An exact copy of each record is required.

***

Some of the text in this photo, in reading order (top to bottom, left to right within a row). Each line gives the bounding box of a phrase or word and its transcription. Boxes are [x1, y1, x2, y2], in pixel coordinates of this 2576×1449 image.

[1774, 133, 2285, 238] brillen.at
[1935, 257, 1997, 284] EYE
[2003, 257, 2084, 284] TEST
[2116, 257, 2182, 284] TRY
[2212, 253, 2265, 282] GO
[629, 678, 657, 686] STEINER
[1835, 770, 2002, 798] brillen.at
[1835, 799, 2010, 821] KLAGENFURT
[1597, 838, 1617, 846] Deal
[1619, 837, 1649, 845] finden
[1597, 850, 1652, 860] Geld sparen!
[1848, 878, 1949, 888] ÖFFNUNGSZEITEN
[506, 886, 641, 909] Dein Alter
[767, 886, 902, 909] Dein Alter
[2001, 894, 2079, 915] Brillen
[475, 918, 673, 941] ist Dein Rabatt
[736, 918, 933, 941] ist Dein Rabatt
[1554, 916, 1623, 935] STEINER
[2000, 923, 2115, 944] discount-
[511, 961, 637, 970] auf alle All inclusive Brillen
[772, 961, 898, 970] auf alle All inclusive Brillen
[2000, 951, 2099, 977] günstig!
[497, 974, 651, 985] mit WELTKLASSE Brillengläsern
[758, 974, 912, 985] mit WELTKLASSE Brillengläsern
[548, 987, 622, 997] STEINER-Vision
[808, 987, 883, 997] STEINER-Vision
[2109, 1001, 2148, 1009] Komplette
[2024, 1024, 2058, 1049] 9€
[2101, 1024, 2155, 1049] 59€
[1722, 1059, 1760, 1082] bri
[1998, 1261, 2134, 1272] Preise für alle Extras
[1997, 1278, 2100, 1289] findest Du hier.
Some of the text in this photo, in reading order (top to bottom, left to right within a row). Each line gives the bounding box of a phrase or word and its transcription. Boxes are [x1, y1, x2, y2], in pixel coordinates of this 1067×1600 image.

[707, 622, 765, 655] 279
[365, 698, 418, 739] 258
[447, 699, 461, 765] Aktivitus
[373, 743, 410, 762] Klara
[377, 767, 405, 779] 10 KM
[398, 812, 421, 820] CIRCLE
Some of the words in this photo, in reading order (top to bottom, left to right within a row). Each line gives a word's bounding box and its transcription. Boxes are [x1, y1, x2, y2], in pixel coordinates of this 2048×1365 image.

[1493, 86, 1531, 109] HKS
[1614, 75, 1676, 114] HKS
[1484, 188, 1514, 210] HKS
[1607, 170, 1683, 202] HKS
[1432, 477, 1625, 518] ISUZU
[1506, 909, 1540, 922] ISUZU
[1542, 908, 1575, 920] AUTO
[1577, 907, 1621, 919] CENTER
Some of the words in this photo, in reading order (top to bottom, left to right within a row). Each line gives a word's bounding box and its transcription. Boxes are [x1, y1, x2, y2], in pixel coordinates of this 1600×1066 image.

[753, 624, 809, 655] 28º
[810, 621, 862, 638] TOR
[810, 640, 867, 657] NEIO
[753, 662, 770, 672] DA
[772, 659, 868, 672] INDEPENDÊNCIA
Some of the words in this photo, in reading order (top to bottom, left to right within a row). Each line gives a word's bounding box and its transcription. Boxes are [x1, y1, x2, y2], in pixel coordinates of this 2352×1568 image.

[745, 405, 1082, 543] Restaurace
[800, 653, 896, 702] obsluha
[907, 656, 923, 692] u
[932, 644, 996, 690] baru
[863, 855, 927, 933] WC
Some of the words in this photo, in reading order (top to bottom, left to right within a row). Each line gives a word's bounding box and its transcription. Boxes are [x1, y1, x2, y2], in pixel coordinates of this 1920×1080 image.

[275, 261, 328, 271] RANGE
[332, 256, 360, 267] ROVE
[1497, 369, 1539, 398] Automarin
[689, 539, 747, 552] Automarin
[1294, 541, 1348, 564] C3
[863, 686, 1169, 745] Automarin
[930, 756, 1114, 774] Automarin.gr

***

**EXERCISE SOLUTION:**
Some of the text in this photo, in reading order (top to bottom, left to right within a row). Each line gives the bounding box of a phrase or word and its transcription. Boxes are [x1, y1, x2, y2], in pixel coordinates of this 2576×1449 image.

[1774, 133, 2285, 238] brillen.at
[1935, 257, 1997, 284] EYE
[2003, 257, 2084, 284] TEST
[2116, 257, 2182, 284] TRY
[2212, 253, 2265, 282] GO
[629, 678, 657, 686] STEINER
[1835, 770, 2002, 798] brillen.at
[1835, 799, 2010, 821] KLAGENFURT
[1597, 838, 1617, 846] Deal
[1619, 837, 1649, 845] finden
[1597, 850, 1652, 860] Geld sparen!
[1848, 878, 1949, 888] ÖFFNUNGSZEITEN
[506, 886, 641, 909] Dein Alter
[767, 886, 902, 909] Dein Alter
[2001, 894, 2079, 915] Brillen
[475, 918, 673, 941] ist Dein Rabatt
[736, 918, 933, 941] ist Dein Rabatt
[1554, 916, 1623, 935] STEINER
[2000, 923, 2115, 944] discount-
[511, 961, 637, 970] auf alle All inclusive Brillen
[772, 961, 898, 970] auf alle All inclusive Brillen
[2000, 951, 2099, 977] günstig!
[497, 974, 651, 985] mit WELTKLASSE Brillengläsern
[758, 974, 912, 985] mit WELTKLASSE Brillengläsern
[548, 987, 622, 997] STEINER-Vision
[808, 987, 883, 997] STEINER-Vision
[2109, 1001, 2148, 1009] Komplette
[2024, 1024, 2058, 1049] 9€
[2101, 1024, 2155, 1049] 59€
[1722, 1059, 1760, 1082] bri
[1998, 1261, 2134, 1272] Preise für alle Extras
[1997, 1278, 2100, 1289] findest Du hier.
Some of the text in this photo, in reading order (top to bottom, left to right within a row). Each line gives the bounding box of a phrase or word and its transcription. Boxes are [x1, y1, x2, y2], in pixel coordinates of this 1067×1600 image.

[707, 622, 765, 655] 279
[365, 698, 418, 739] 258
[447, 699, 461, 765] Aktivitus
[373, 743, 410, 762] Klara
[377, 767, 405, 779] 10 KM
[398, 812, 421, 820] CIRCLE
Some of the words in this photo, in reading order (top to bottom, left to right within a row). Each line gives a word's bounding box and its transcription. Boxes are [x1, y1, x2, y2], in pixel coordinates of this 2048×1365 image.

[1493, 86, 1531, 109] HKS
[1614, 75, 1676, 114] HKS
[1484, 188, 1514, 210] HKS
[1607, 170, 1683, 202] HKS
[1432, 477, 1625, 518] ISUZU
[1506, 909, 1540, 922] ISUZU
[1542, 908, 1575, 920] AUTO
[1577, 907, 1621, 919] CENTER
Some of the words in this photo, in reading order (top to bottom, left to right within a row). Each line gives a word's bounding box and its transcription. Boxes are [x1, y1, x2, y2], in pixel coordinates of this 1600×1066 image.

[753, 624, 809, 655] 28º
[810, 621, 862, 638] TOR
[810, 640, 867, 657] NEIO
[753, 662, 770, 672] DA
[772, 659, 868, 672] INDEPENDÊNCIA
Some of the words in this photo, in reading order (top to bottom, left to right within a row). Each line gives a word's bounding box and its transcription. Boxes are [x1, y1, x2, y2], in pixel coordinates of this 2352×1568 image.

[745, 405, 1082, 543] Restaurace
[800, 653, 896, 702] obsluha
[907, 656, 923, 692] u
[932, 644, 996, 690] baru
[863, 855, 927, 933] WC
Some of the words in this photo, in reading order (top to bottom, left to right within a row). Each line gives a word's bounding box and its transcription. Boxes are [x1, y1, x2, y2], in pixel coordinates of this 1920×1080 image.

[275, 261, 328, 271] RANGE
[332, 256, 360, 267] ROVE
[1497, 369, 1539, 398] Automarin
[689, 539, 747, 552] Automarin
[1294, 541, 1348, 564] C3
[863, 686, 1169, 745] Automarin
[930, 756, 1114, 774] Automarin.gr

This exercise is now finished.